The purpose of this paper is to provide an overview of the development and implementation of family-based programmes in poverty-affected contexts, with a particular focus on CHAMP. The aim is to draw out lessons for family-based HIV prevention and intervention programming for young adolescents, including those already infected or affected by HIV and their adult caregivers.

Global threat of HIV

HIV infection is one of the most serious threats to the health and wellbeing of young people, and requires a continued, intensive focus on youth as they account for an estimated 45% of all new infections worldwide [5, 6]. While the HIV epidemic has stabilized somewhat, the level of new HIV infections and AIDS deaths remain unacceptably high, particularly in sub-Saharan Africa [7].
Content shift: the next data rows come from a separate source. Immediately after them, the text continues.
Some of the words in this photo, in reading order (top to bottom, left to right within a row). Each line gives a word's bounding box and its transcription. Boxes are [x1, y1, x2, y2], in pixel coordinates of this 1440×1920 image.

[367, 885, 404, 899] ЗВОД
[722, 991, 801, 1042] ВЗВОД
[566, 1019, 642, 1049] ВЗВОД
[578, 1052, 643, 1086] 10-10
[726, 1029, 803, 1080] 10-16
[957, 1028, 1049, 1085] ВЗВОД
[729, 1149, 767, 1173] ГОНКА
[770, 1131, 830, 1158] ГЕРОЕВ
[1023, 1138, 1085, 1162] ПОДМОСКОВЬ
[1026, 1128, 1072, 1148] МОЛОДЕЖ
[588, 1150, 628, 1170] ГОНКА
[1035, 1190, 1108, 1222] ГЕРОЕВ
The consequences of the AIDS epidemic for families can be devastating. Nearly 12 million children under the age of 18 have lost one or both parents to HIV in sub-Saharan Africa [6]. In South Africa, approximately 2.8 million children have lost at least one parent, with an estimated 1.4 million (49%) presumed to be due to AIDS [6, 8]. It is estimated that 80% of children who lose a parent to AIDS are likely to have a surviving parent for whom support and care becomes critical [9]. Children orphaned by AIDS may be a particularly vulnerable group in terms of emotional problems, behavioural risk taking and school drop out [10, 11].

Even in contexts where access to antiretroviral treatment (ART) and preventative interventions are more plentiful, such as the US or Europe, the HIV epidemic continues to take a toll on the health and wellbeing of children and adults. Those affected by this still life-threatening and stigmatizing disease disproportionately reside in urban communities of colour, affected by high rates of poverty, substance abuse, and exposure to community and familial violence [12, 13].
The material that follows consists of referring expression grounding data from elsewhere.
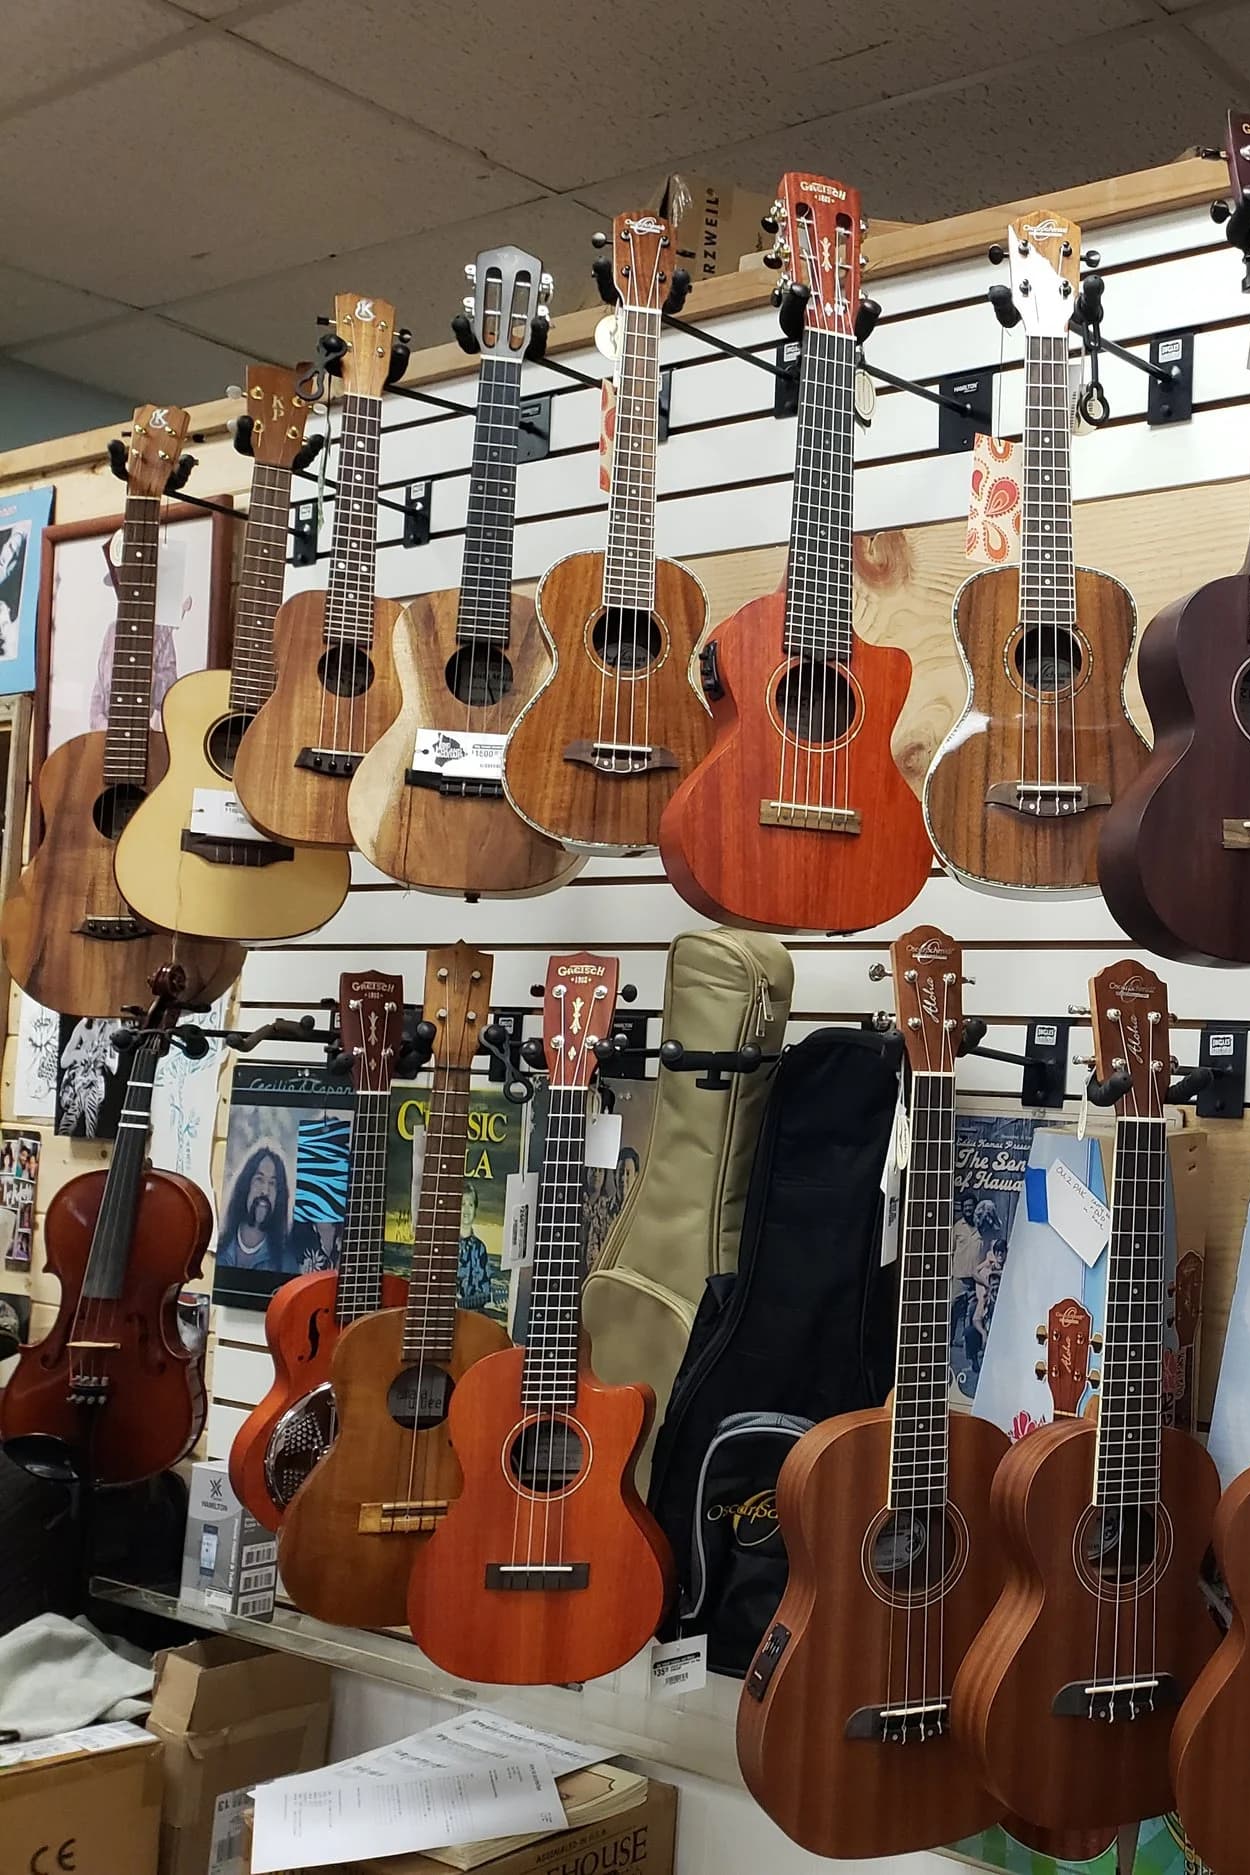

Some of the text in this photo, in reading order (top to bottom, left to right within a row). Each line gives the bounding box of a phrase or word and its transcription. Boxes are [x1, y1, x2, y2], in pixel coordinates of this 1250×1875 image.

[272, 395, 284, 409] K
[272, 409, 285, 422] P
[923, 976, 940, 1024] Aloha
[1126, 1014, 1144, 1065] Aloha
[312, 1080, 356, 1095] Kapon
[397, 1100, 507, 1143] CSIC
[956, 1147, 989, 1169] The
[973, 1170, 1024, 1192] Hawa
[706, 1502, 779, 1522] OscarSc
In the US, for example, the majority of HIV/AIDS cases are in large inner-city communities; African Americans comprise 51% of all newly reported HIV infections, with an additional 18% accounted for by Latinos [14]. Almost one-half of the more than 40,000 new HIV infections in the US each year are among people aged 25 years and under.

Conversely, the introduction of widespread HIV counselling, testing, and ART use during pregnancy and the birth process in countries with access has led to a dramatic drop in the rate of vertical transmission [15, 16]. Access to ART has also meant that many HIV-infected children who were not expected to outlive their childhood are entering adolescence [17] and are presenting with: (1) serious mental health difficulties [18, 19]; (2) high-risk sexual behaviours and substance use [2022]; and (c) non-adherence to ART [2325]. Even brief episodes of ART non-adherence can permanently undermine treatment and lead to increased resistance to medications. Thus, perinatally infected adolescents may be living with a multidrug resistant virus and have poor health outcomes.
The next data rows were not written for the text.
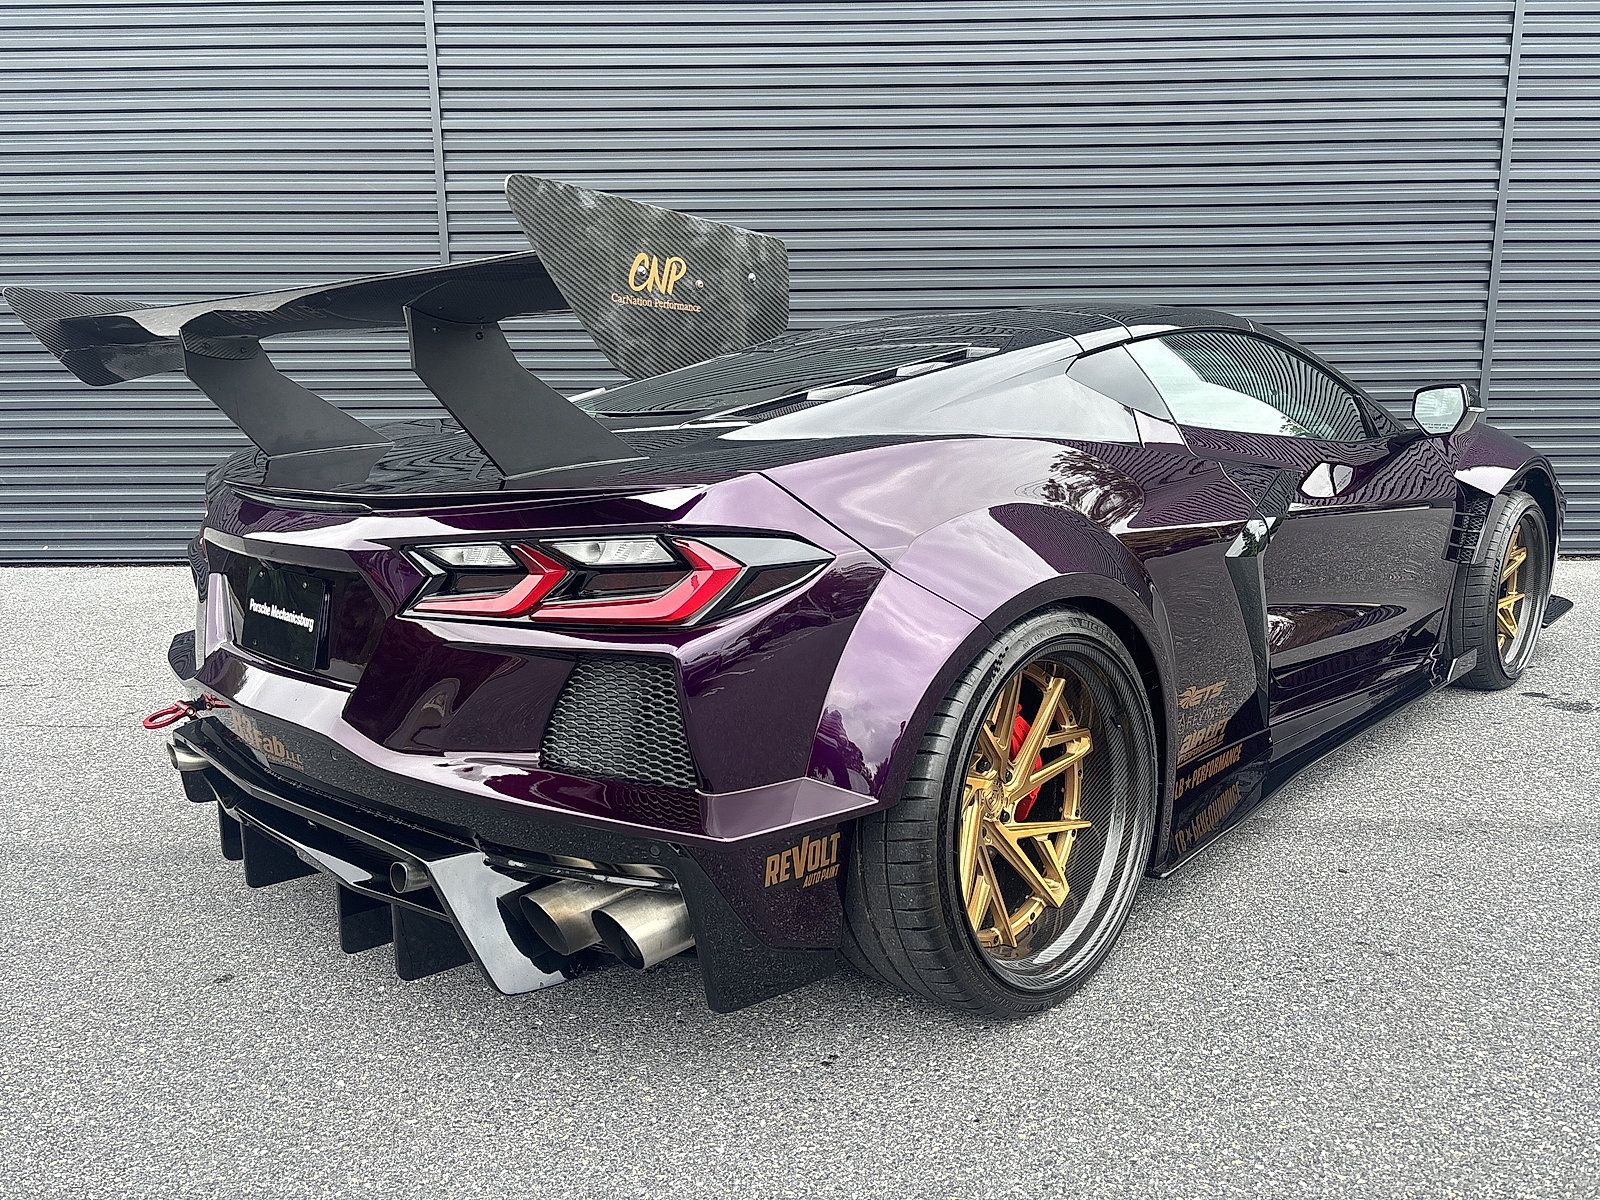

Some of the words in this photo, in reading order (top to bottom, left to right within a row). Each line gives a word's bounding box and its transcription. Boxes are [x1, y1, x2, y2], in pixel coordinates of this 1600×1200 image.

[628, 252, 687, 295] CNP
[611, 293, 653, 308] CarNation
[654, 299, 701, 313] Performance
[249, 598, 271, 617] Porsche
[270, 604, 315, 633] Mechanicsburg
[1174, 777, 1185, 801] LB
[1191, 743, 1243, 789] PERFORMANCE
[764, 831, 840, 888] REVOLT
[802, 870, 821, 888] AUTO
[820, 863, 840, 882] PAINT
This grim reality becomes a serious public health issue as youth transition though adolescence, a time of increased experimentation with sexual risk behaviour and drug use. Unfortunately, few family-based programmes focused on the prevention of risk behaviour have been developed or tested with this population in high- or low-resource countries [26].

HIV prevention and intervention efforts across the globe

Over the past three decades, there have been targeted efforts to decrease the risk for HIV infection among uninfected youth [27, 28]. Despite some of the early HIV prevention efforts leading to improvements in youth knowledge regarding the significance of HIV and modes of transmission, and short-term changes in sexual risk behaviour [2831], long-term behavioural change has been difficult to maintain [32]. Further, in a recent review of preventative interventions delivered in sub-Saharan Africa, no programme was associated with a significant decrease in actual rates of HIV infection [28, 33].

As the epidemic entered its second decade, there were increasing calls for more complex models of HIV prevention and intervention programming, particularly those capable of targeting both risky and protective relational and contextual influences on youth behaviour, such as multi-level HIV prevention and care models for youth that incorporated strong partnerships with families and communities [34]. Marshalling family, social network and community-level resources around vulnerable urban youth was thought to be a critical HIV prevention and health promotion strategy [28, 31, 34, 35].

Case description

Although a number of family-based HIV prevention programmes have been developed and evaluated, few have actually been implemented and tested in low-resource settings where the burden of HIV exists and where the focus has been on school-based and community-based programmes targeting youth [36, 3, 2]. CHAMP [4, 3638] is one of the few HIV preventative efforts that was initially focused on vulnerable youth and their families in the US, and then adapted for multiple international settings.

The first family-based programme was developed in the mid-1990s based on critical streams of influence: (1) adolescent developmental models; (2) ecologically focused models that include multi-level factors (e.g., knowledge, skills and mental health characteristics of youth and their adult caregivers; interactional qualities with key protective resources, such as parents; social support systems; health-oriented institutions; and health-promoting influences of families and communities); and (3) existing empirical findings and intensive collaboration with youth, families and target community members.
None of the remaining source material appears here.